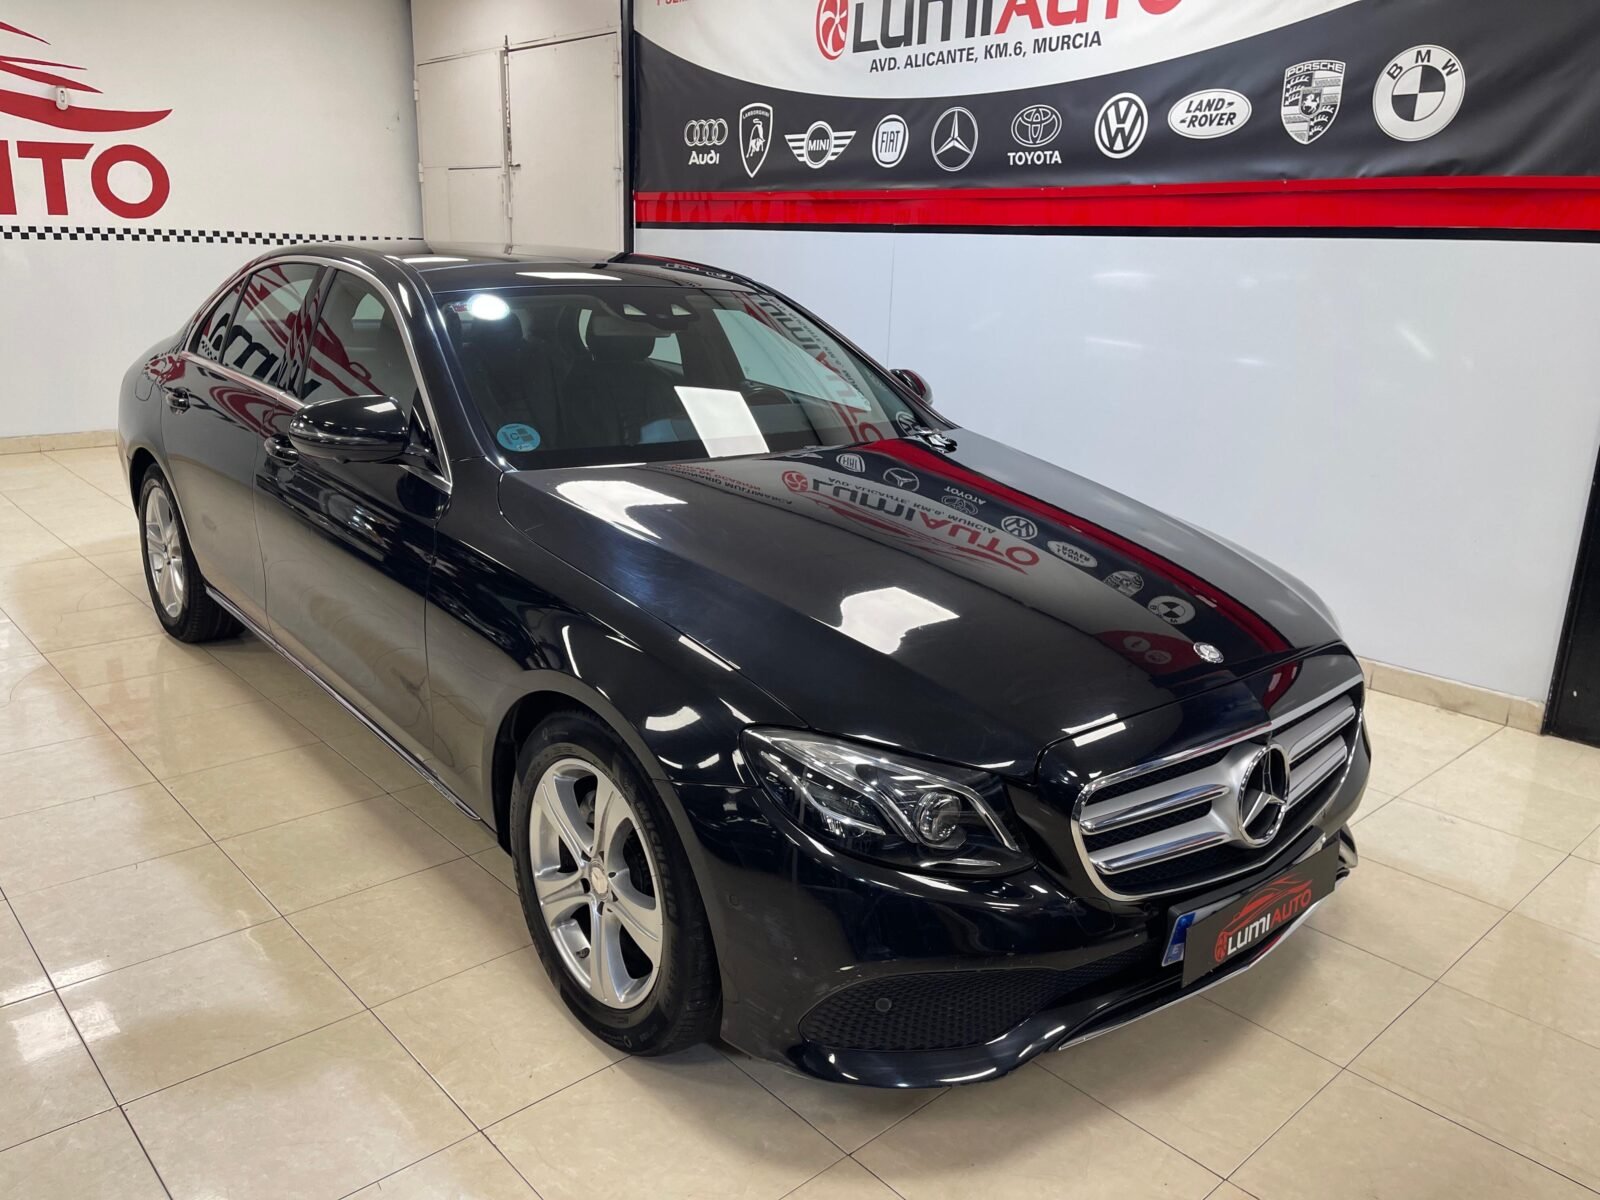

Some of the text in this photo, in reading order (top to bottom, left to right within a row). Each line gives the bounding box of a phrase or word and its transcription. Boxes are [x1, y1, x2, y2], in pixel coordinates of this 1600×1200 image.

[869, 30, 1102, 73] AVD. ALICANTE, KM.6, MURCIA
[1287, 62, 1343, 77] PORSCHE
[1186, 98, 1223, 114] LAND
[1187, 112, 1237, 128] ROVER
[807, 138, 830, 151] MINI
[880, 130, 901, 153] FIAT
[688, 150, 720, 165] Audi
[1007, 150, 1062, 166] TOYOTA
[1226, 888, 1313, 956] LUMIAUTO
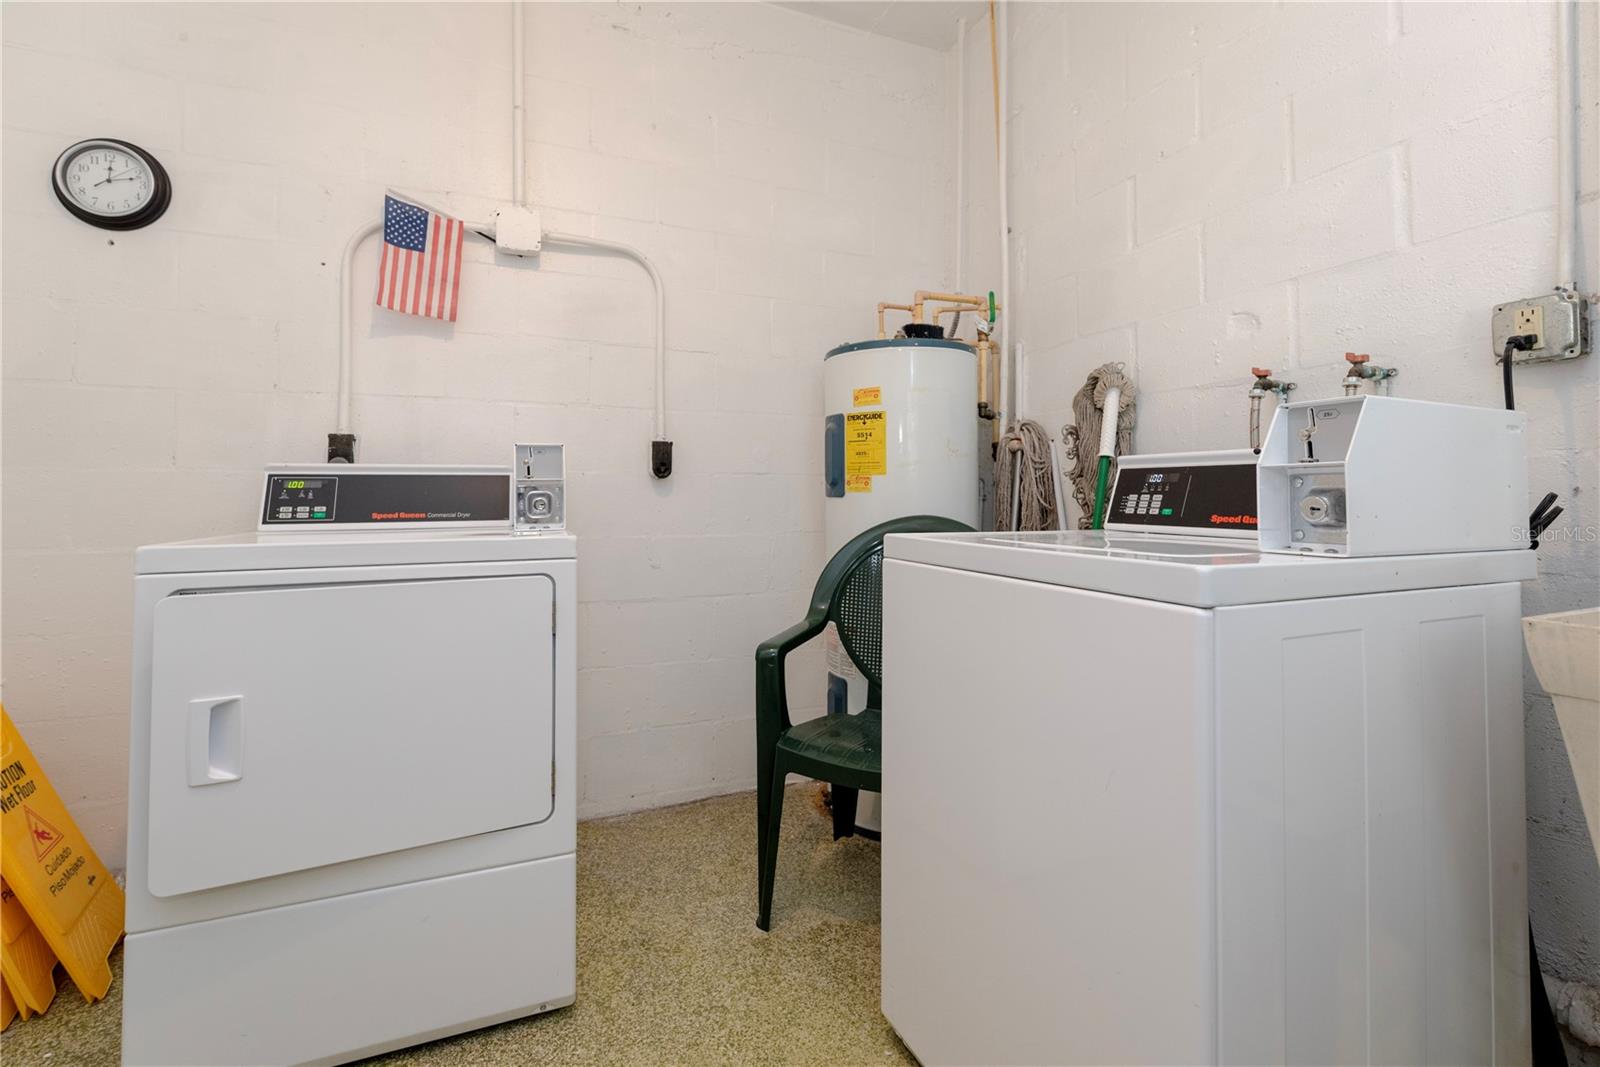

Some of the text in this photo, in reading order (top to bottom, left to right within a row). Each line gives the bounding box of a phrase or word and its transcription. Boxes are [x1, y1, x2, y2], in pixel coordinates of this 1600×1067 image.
--------------------------------
= TRY IT =
Exactly as written, reproduce all of the entries while dropping the pictures.

= ANSWER TO THIS TASK =
Some of the text in this photo, in reading order (top to bottom, left to right within a row). Each line gives the bounding box of a phrase or word and its transcription. Boxes are [x1, y1, x2, y2], in pixel coordinates of this 1600×1200 image.

[869, 30, 1102, 73] AVD. ALICANTE, KM.6, MURCIA
[1287, 62, 1343, 77] PORSCHE
[1186, 98, 1223, 114] LAND
[1187, 112, 1237, 128] ROVER
[807, 138, 830, 151] MINI
[880, 130, 901, 153] FIAT
[688, 150, 720, 165] Audi
[1007, 150, 1062, 166] TOYOTA
[1226, 888, 1313, 956] LUMIAUTO

Some of the text in this photo, in reading order (top to bottom, left to right within a row). Each line gives the bounding box of a phrase or word and its transcription. Boxes are [x1, y1, x2, y2], in pixel coordinates of this 1600×1067 image.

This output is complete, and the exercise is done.